• _Your goal_
Please keep the images out and set down the data exactly as given.
+===+
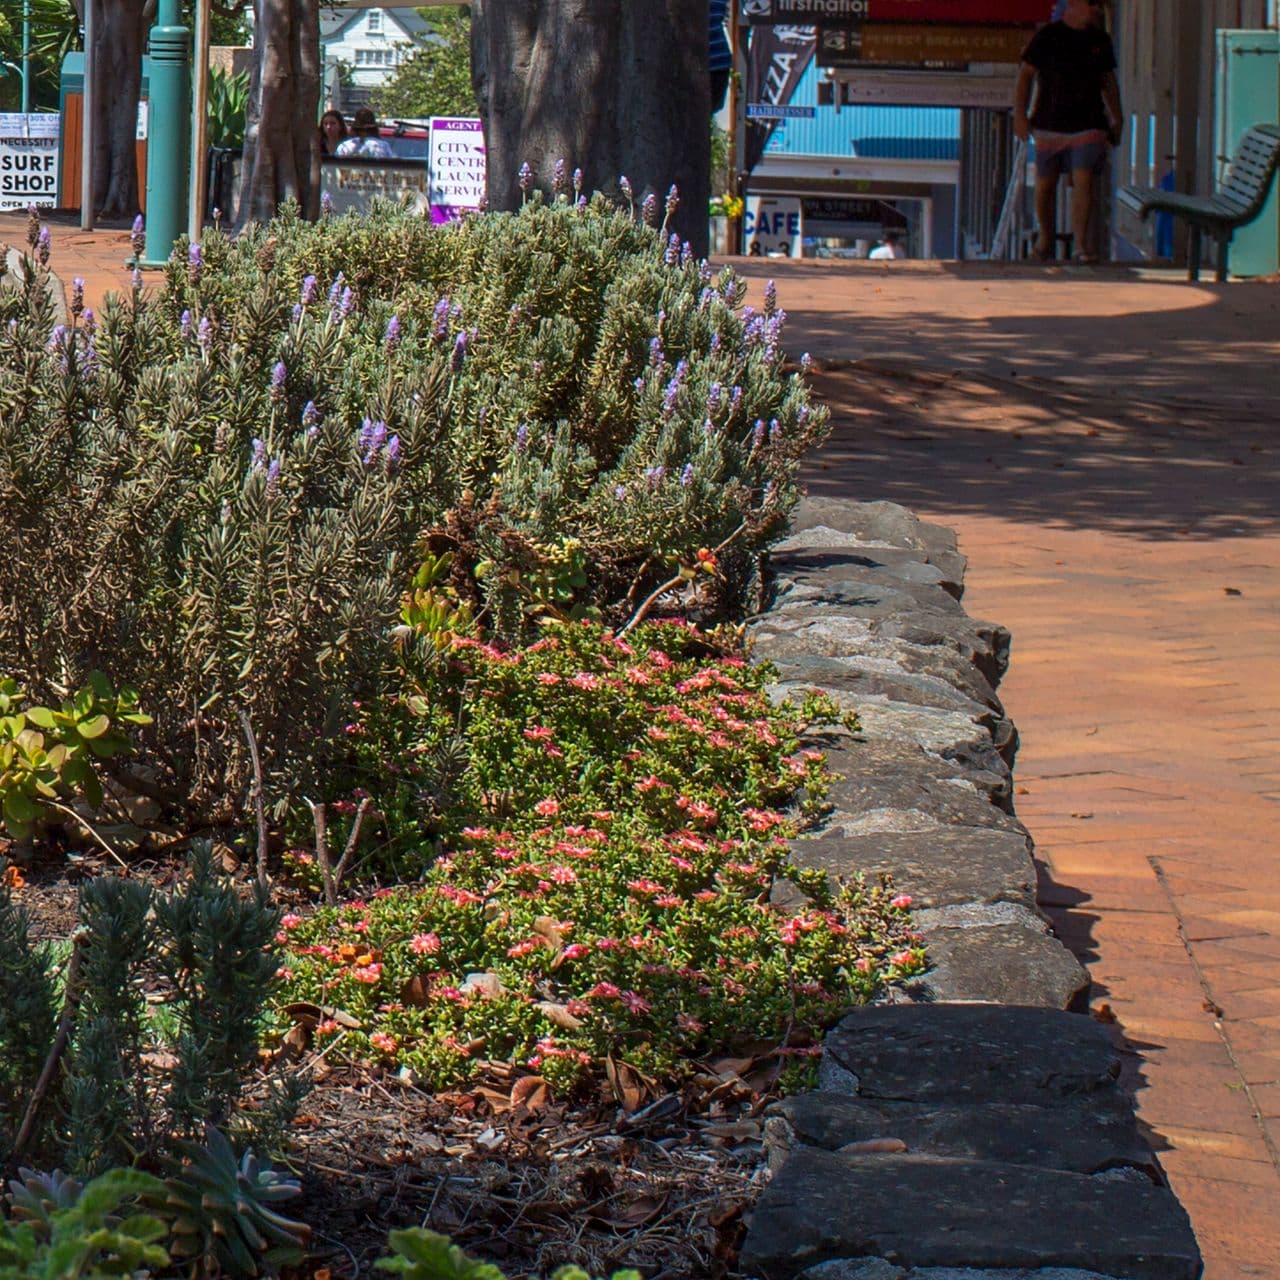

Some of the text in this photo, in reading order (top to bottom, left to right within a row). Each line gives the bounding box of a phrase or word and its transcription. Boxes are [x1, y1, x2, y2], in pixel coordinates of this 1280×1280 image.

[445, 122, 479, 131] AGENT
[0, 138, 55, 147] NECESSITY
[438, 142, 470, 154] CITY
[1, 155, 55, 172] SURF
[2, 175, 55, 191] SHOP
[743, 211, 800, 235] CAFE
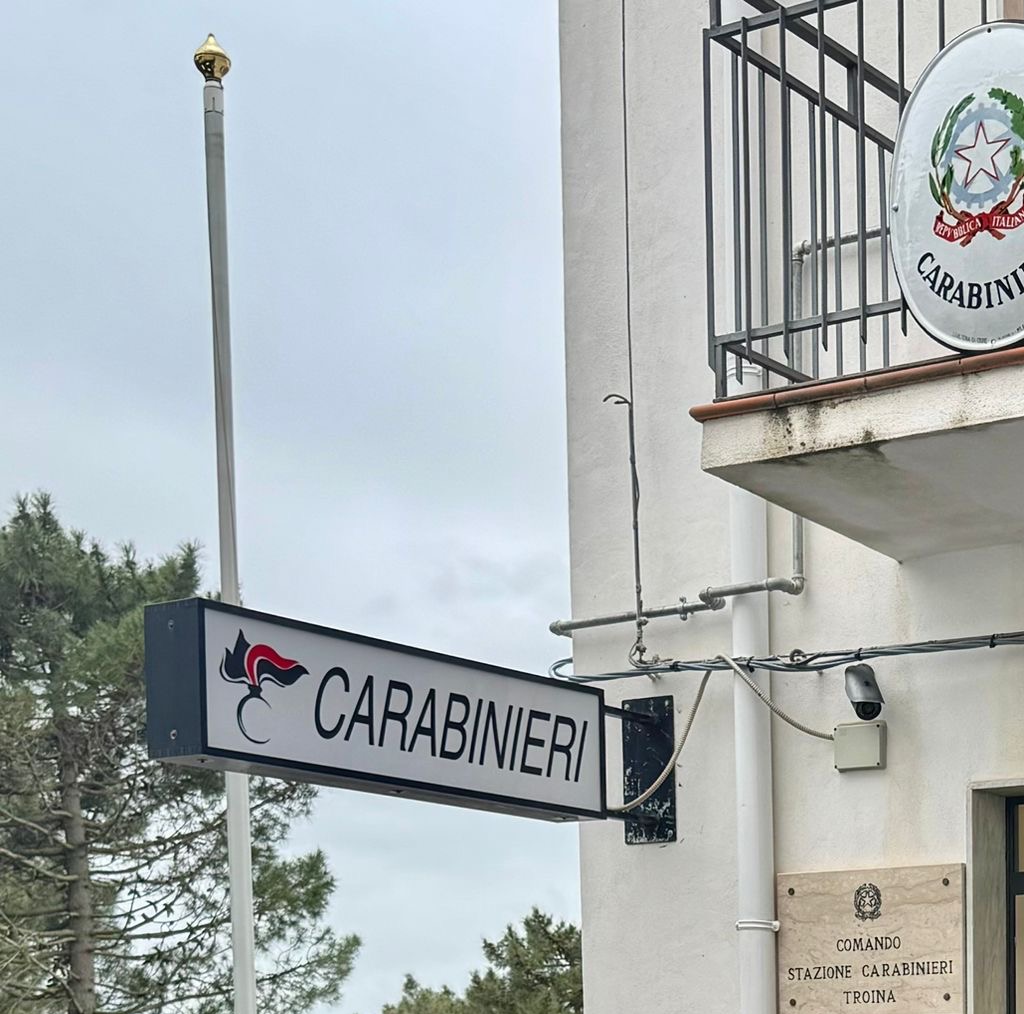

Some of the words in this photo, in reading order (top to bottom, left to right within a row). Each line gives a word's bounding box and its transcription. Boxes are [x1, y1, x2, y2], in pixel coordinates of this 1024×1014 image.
+===+
• _Task result_
Some of the text in this photo, in reading order (top to bottom, left to right within a row). Each line gives the bounding box of a phrase or word and its transcription. Boxes are [x1, y1, x2, y2], in pixel coordinates of this 1280×1280 image.

[445, 122, 479, 131] AGENT
[0, 138, 55, 147] NECESSITY
[438, 142, 470, 154] CITY
[1, 155, 55, 172] SURF
[2, 175, 55, 191] SHOP
[743, 211, 800, 235] CAFE

Some of the words in this photo, in reading order (top to bottom, left to right within a row). Each line gives a word's bounding box and its transcription. Boxes are [x1, y1, x2, y2], in pixel coordinates of this 1024×1014 image.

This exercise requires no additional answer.